Mais Karim avait déjà
fait le choix, « depuis trois ans » (comme il le dit lui-même
dans cette lettre à l’UAS), de se consacrer avant tout au militantisme de
nature théorique et historique. Ce fut le cas dans une certaine mesure dès le
regroupement que Karim fonda et anima à Lyon, avec son ami Richard, ingénieur à
la retraite, autour d’une revue, Spartacus, qui connut quatre numéros,
de fin 2001 à juin 2003 ; cette revue publiait cependant également des
articles plus immédiatement politiques, avec un éditorial et la reprise
d’articles syndicaux ou politiques parus dans la presse, notamment d’extrême
gauche[6].
Mais surtout, ce dont Karim rêvait particulièrement s’exprime dans le projet de
l’association et de la revue Tro-Mé, que Karim définissait, au moment de
refermer l’épisode Spartacus, dans les termes suivants, très
représentatifs de ses exigences et de son idéalisme foncier : « Tro-Mé est une association d’individus curieux,
amoureux de la connaissance, de son partage, et de la liberté de sa diffusion.
Ces ennemis du dogmatisme et de la pensée unique, de tout mensonge et de toute
calomnie, érigent en principe l’honnêteté intellectuelle.

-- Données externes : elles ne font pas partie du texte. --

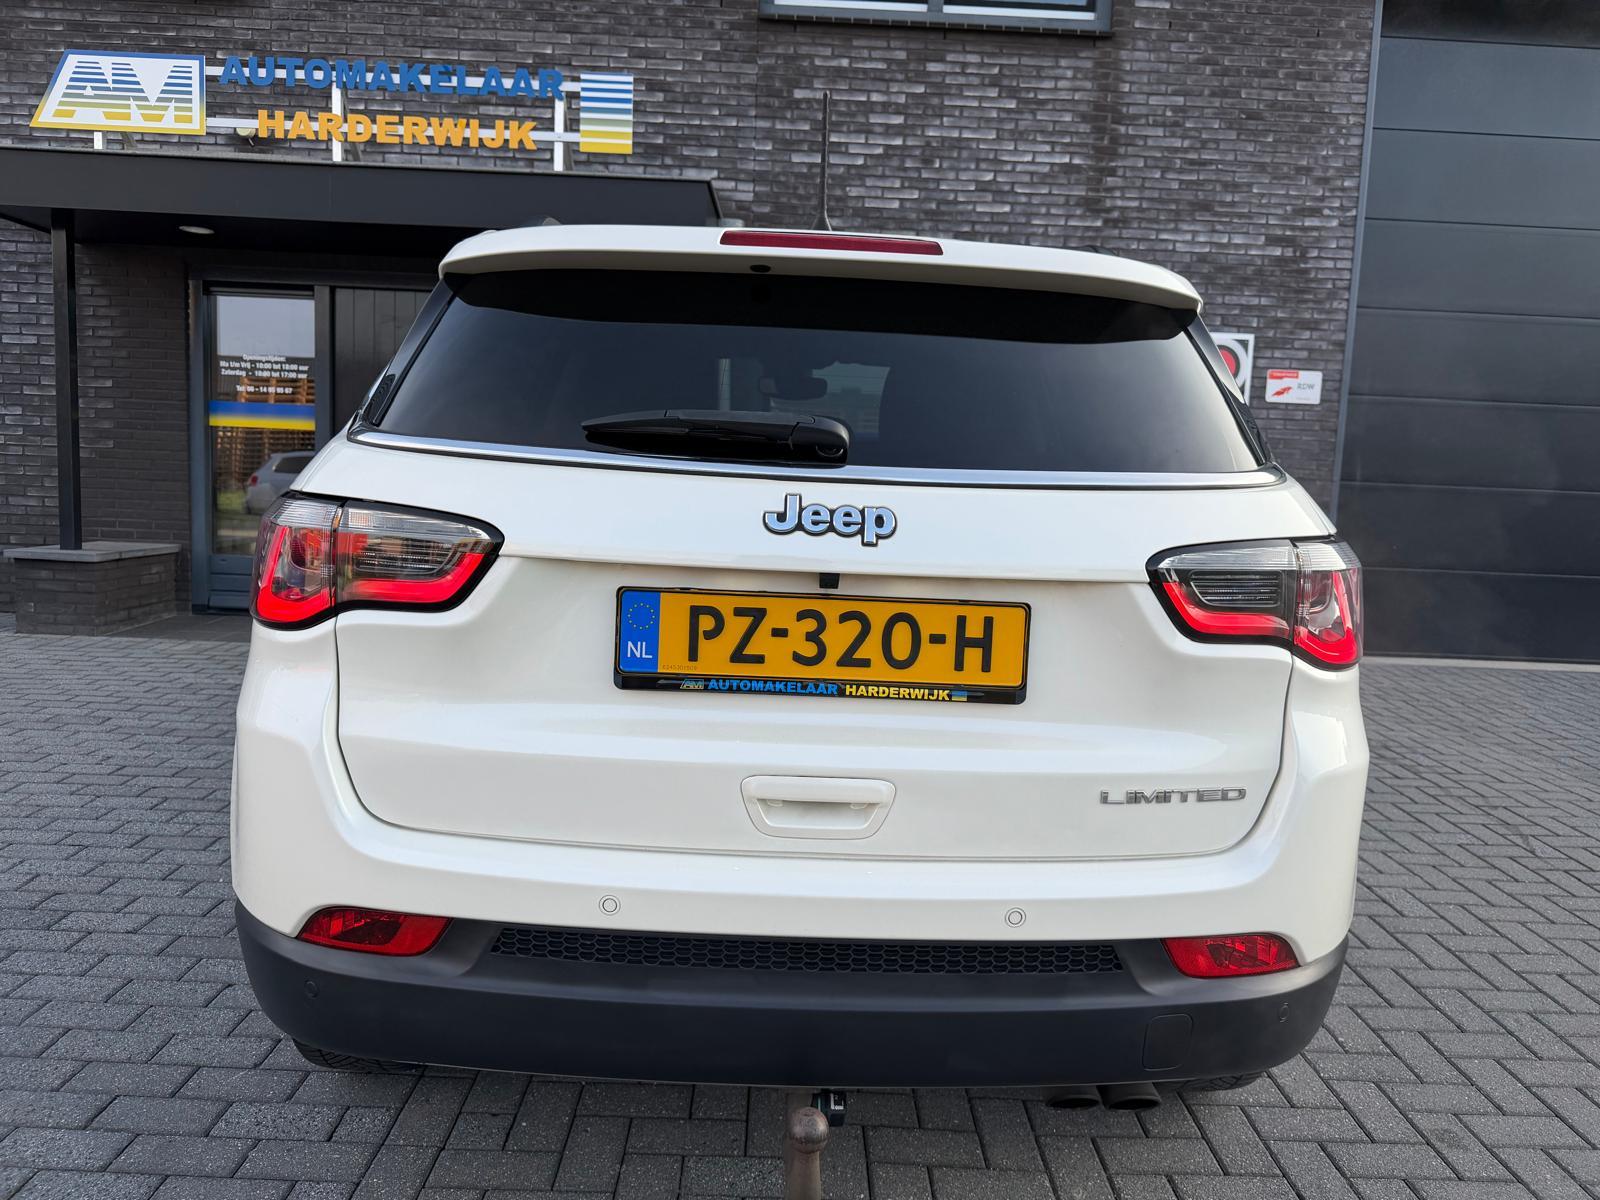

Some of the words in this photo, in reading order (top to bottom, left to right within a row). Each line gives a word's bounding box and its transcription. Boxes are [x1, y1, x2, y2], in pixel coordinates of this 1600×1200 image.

[52, 60, 194, 124] AM
[218, 56, 564, 99] AUTOMAKELAAR
[256, 109, 538, 150] HARDERWIJK
[763, 493, 897, 547] Jeep
[627, 641, 653, 659] NL
[687, 604, 995, 673] PZ-320-H
[708, 678, 838, 695] AUTOMAKELAAR
[845, 685, 950, 701] HARDERWIJK
[1100, 788, 1247, 805] LIMITED

Tro-Mé est une
association libertaire, qui marque, par son adhésion à ce mot, son souci du
problème que constitue la reproduction de la domination, qu’elle soit
politique, économique, culturelle, religieuse ou sociale. À l’intérieur de ce
cadre, toutes les tendances politiques et tous les individus peuvent intervenir
à égalité. Tous souhaitent, par l’usage de l’information et de la rhétorique,
réduire la politique à son caractère originel d’expression d’intérêts
divergents. Les adhérents au Tro-Mé s’engagent ainsi dans la création
d’une revue de même nom ; ils témoignent de leur attachement à la rigueur
et à l’absence d’a priori que nécessite la construction d’un discours. Ils
aspirent à la production de sens, en direction d’une infinité de domaines, avec
un attachement particulier aux problèmes politiques et sociaux. Ils souhaitent
comprendre le monde qui les entoure et son histoire, ainsi que s’appuyer sur de
solides analyses pour élaborer des réponses et des possibilités d’engagement
face aux problèmes du capitalisme et des idéologies réactionnaires. »

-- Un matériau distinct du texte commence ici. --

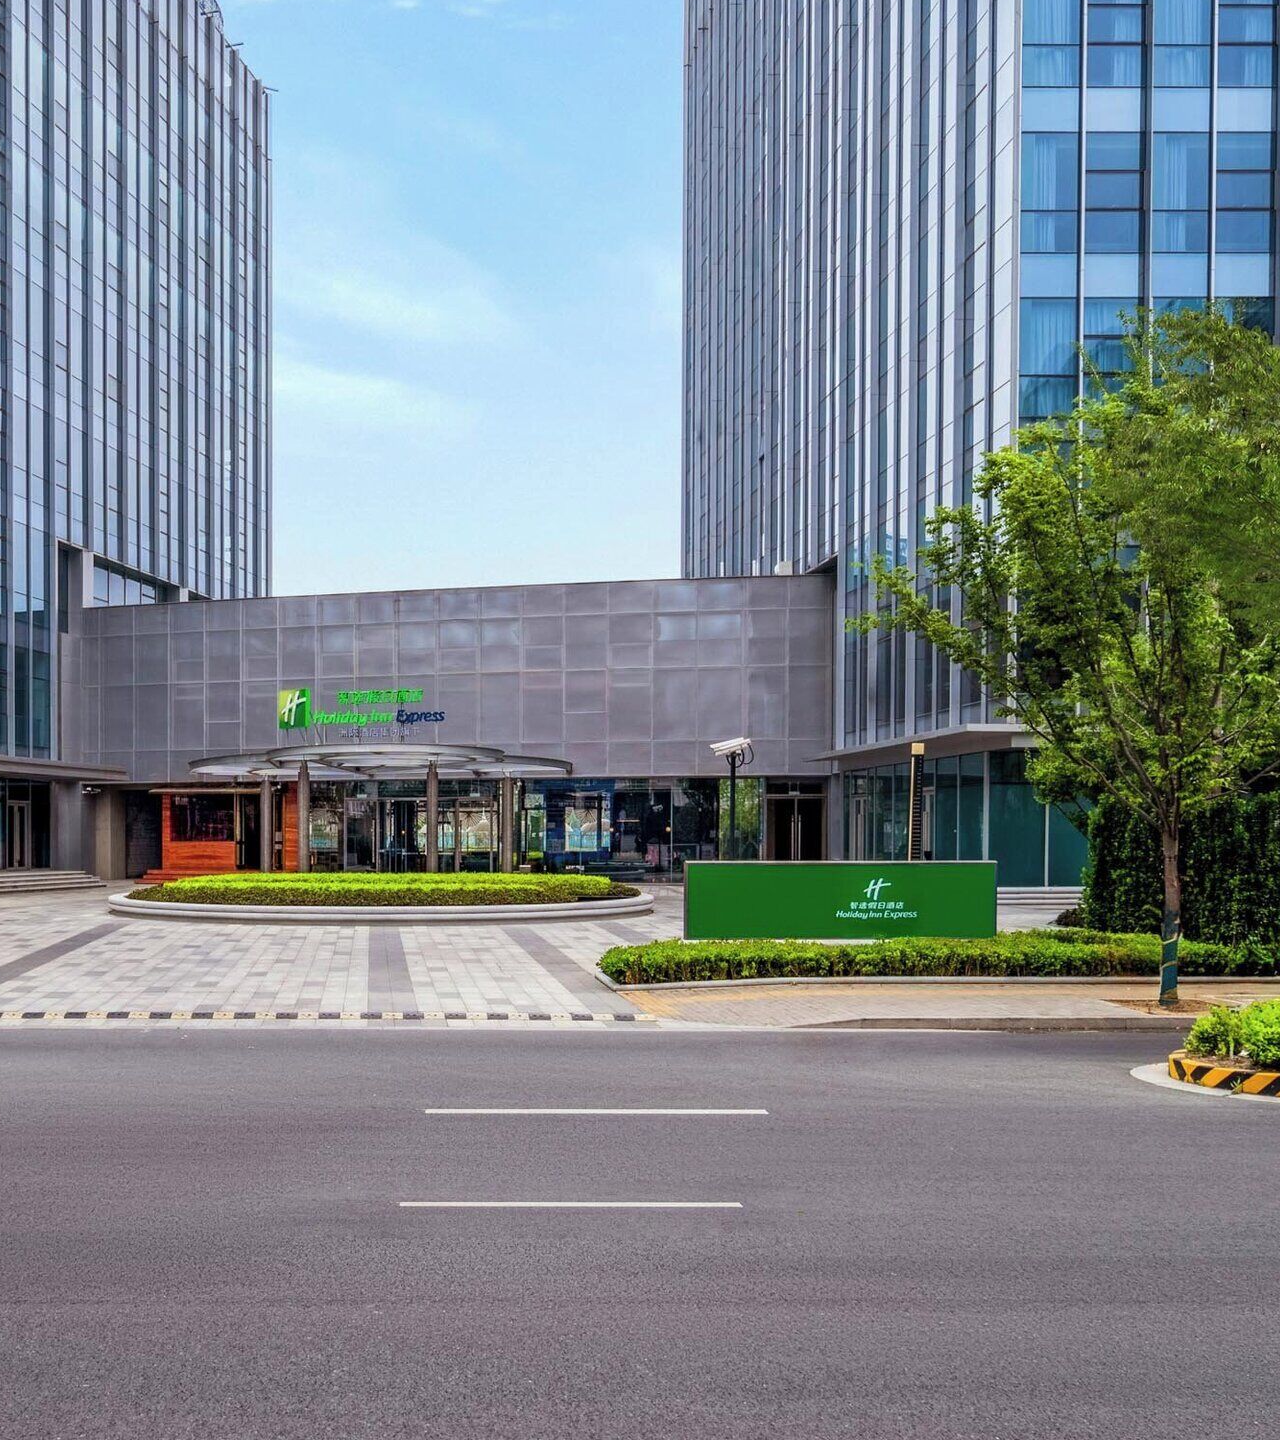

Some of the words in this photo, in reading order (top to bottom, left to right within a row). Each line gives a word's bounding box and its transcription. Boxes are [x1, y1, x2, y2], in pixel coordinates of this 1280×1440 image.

[313, 710, 368, 727] Holiday
[396, 709, 445, 726] Express
[836, 910, 868, 920] Holiday
[869, 910, 882, 918] Inn
[883, 909, 918, 920] Express

Tro-Mé ne vit finalement jamais
le jour, mais c’est dans cet esprit que Karim s’engagea dans une collaboration
étroite avec des revues libertaires existantes, telles que La Question
sociale et surtout Ni patrie ni frontières, revue d’une grande tenue
théorique et historique, éditée par Yves Coleman, dont il devint dès lors l’un
des principaux collaborateurs, sous le nom d’Anouchka. Ce militantisme avant
tout théorique eut comme conséquence une tendance au théoricisme, qui éloignait
Karim des questions politiques les plus concrètes de la lutte de classe ;
mais il en avait parfaitement conscience, il le regrettait et il n’excluait pas
du tout de se remettre à militer de manière organisée. D’ailleurs, il adhéra à
l’association Solidarité Irak et continua de fréquenter assidûment les groupes
anarchistes de Lyon, notamment la librairie La Gryffe. De plus, il était
d’autant moins coupé de la réalité que, l’Université lui ayant refusé une
allocation de recherche, il fut contraint d’accepter des petits boulots pour
survivre tout en poursuivant ses recherches (il fut notamment contractuel à La
Poste, puis surveillant dans un lycée privé), ce qui le confronta à
l’exploitation et aux nécessités du combat pratique. C’est ainsi qu’il se
battit avec courage contre La Poste qui, après trois CDD, l’avait licencié pour
avoir demandé le respect du Code du travail, et qu’il traîna devant les
prud’hommes, gagnant finalement le procès.
Mais son passage par le
PT, qu’il appelait avec humour « le parti du mensonge
déconcertant », n’a jamais cessé de hanter Karim. Elle a non seulement
cristallisé son orientation libertaire, mais elle a également été le point de
départ de son projet de recherches historiques. Dès son Cahier noir du CCI,
il manifeste sa volonté, qu’il avait chevillée au corps, de ne pas tourner la
page sans avoir essayé de comprendre, et par là même sans avoir essayé de faire
comprendre à d’autres ce qu’il avait compris. Dans l’introduction, il
écrit : « Sans doute me demandera-t-on la finalité de cette
petite brochure… J’avoue que je n’en ai pas moi-même une idée très précise.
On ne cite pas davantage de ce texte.